Benim içimde bir mezar vardı. Ve ben o mezarın başında, her gün kendimi yeniden gömüyordum.

Bazı şeyler hazmedilmiyor. Midene değil, ruhuna oturuyor. Gözlerinin arkasına yerleşiyor o anılar. Ne kadar kaçarsan kaç, seni bir gölge gibi takip ediyorlar. Saklandığını zannederken birden omzuna dokunuyor geçmişin eli. Yirmi üç yıl boyunca üzerini örttüğün tüm acılar, seni nefessiz bırakacak kadar birikiyor. Ve sen sadece… bakıyorsun. Olanları izliyorsun. Çünkü hiçbir şey yapacak gücün kalmamış. Elin kalkmıyor, dilin dönmüyor. İçinde bir yerde “sus” diyen bir ses var. Her şeyi bastıran, bastırdıkça seni yok eden bir ses.

İşte kader dediğimiz şey bu: Sessizce yanmak. İçinde çığ gibi büyüyen yangına tek başına direnmeye çalışmak. Ve bazen… o yangının seni alıp götürmesine izin vermek. Çünkü artık başka çaren kalmamış.

Benim hayatım da böyleydi. Bir ateşin ortasında kalmış, ama bağırmaya gücü yetmeyen biriydim. Yandım… ama dumansız. Acıdım… ama sessiz. Gözyaşlarım bile sanki içime akıyordu. Boğazımda düğümlenmiş bir çığlık vardı. Çözemedim. Sustum. İçimde o kadar çok şey birikti ki… damarlarım bile taşıyamaz oldu. Gözlerim yanıyordu ama hâlâ bir damla yaş düşmemişti. Ciğerlerim boşlukta çırpınıyor, “nefes al” diye haykırıyordu. Ama ben… alamıyordum.

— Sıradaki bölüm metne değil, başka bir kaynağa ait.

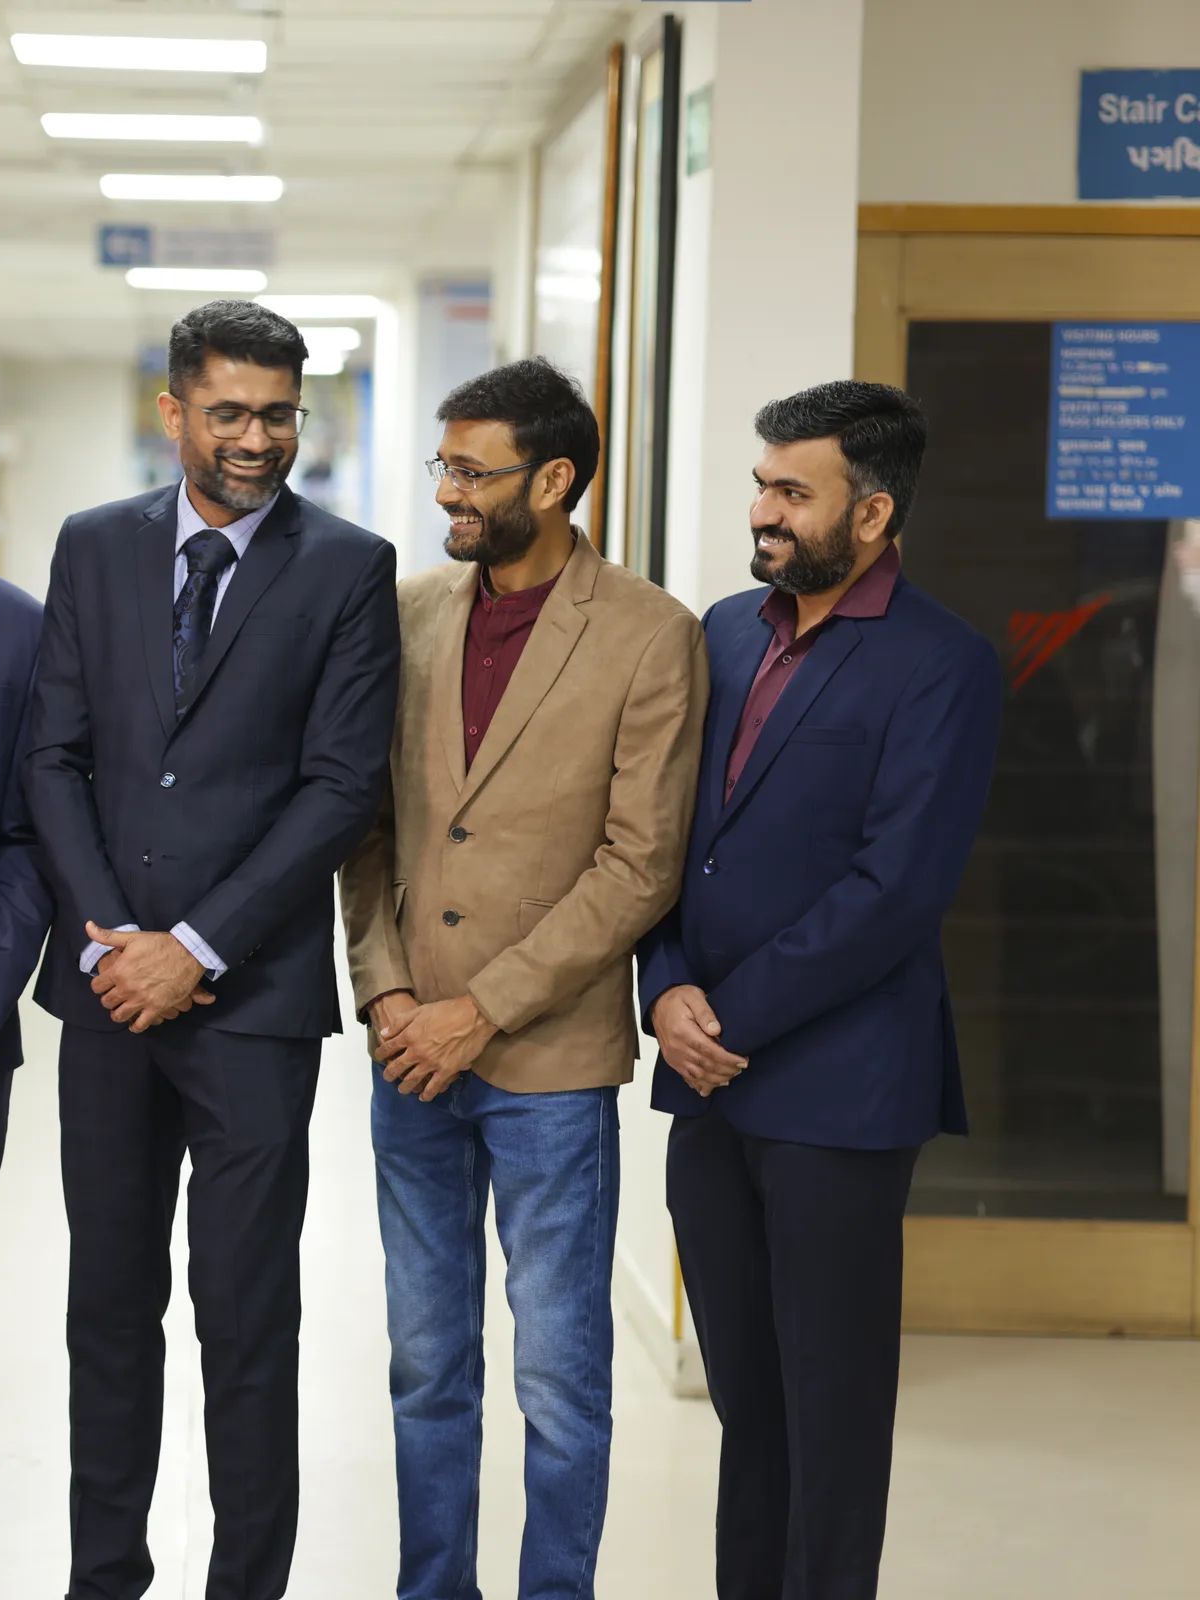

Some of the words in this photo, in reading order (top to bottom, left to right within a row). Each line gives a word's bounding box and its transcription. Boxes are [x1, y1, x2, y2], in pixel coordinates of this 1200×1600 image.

[1098, 92, 1169, 124] Stair
[1174, 92, 1200, 124] C
[1062, 329, 1115, 343] VISITING
[1117, 329, 1160, 343] HOURS
[1152, 415, 1186, 430] ONLY

Yüzüm kıpkırmızıydı, dudaklarım mor. Ellerim uyuşmuştu, kulaklarım dış dünyayı reddetmişti. Hiçbir sesi doğru düzgün algılayamıyordum. Ta ki o ses… o çatallı, boğuk ama tanıdık ses gelene kadar:

“Alya… biliyorum, bunlar kolay kolay kaldırılacak şeyler değil. Ama elimden bir şey gelmiyor…”

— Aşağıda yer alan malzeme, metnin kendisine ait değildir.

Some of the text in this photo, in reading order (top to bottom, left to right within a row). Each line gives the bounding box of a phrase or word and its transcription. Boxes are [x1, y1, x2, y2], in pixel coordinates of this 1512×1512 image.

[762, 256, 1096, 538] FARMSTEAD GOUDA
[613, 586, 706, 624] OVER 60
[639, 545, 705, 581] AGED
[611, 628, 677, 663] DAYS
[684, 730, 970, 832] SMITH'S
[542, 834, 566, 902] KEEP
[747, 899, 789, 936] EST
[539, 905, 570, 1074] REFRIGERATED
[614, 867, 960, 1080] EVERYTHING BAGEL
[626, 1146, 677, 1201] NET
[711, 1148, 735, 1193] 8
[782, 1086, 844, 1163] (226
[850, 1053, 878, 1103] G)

Ses… derinlerden geliyordu sanki. Bora’nın sesi. Ama uzak, çok uzak. Belki de sadece hayal ediyordum. Belki de duymak istediğim o acımalı cümleleri zihnim kendi uyduruyordu. Çünkü gerçek hayatta kimse, gerçekten “üzgünüm” demezdi. Gerçek hayatta kimse, senin için hiçbir şey yapamazdı.

Ama Bora oradaydı. Gözleri üzerimdeydi. Ve o gözlerde, ilk kez… çaresizlik gördüm. Sadece kendi çaresizliğim değil. Onunki de vardı. Sanki bir yanıyla beni kurtarmak istiyor ama diğer yanı… bu enkazın neresinden tutacağını bilemiyordu.

O an ilk kez… içimden bağırmak geldi. “Ne olur biri beni duysun!” diye haykırmak istedim. Ama sesim çıkmadı. Dilim damağıma yapışmıştı. Ağlamak istedim. Saatlerce, günlerce ağlamak. Ama bedenim buna bile izin vermedi. Sustum. Yine sustum.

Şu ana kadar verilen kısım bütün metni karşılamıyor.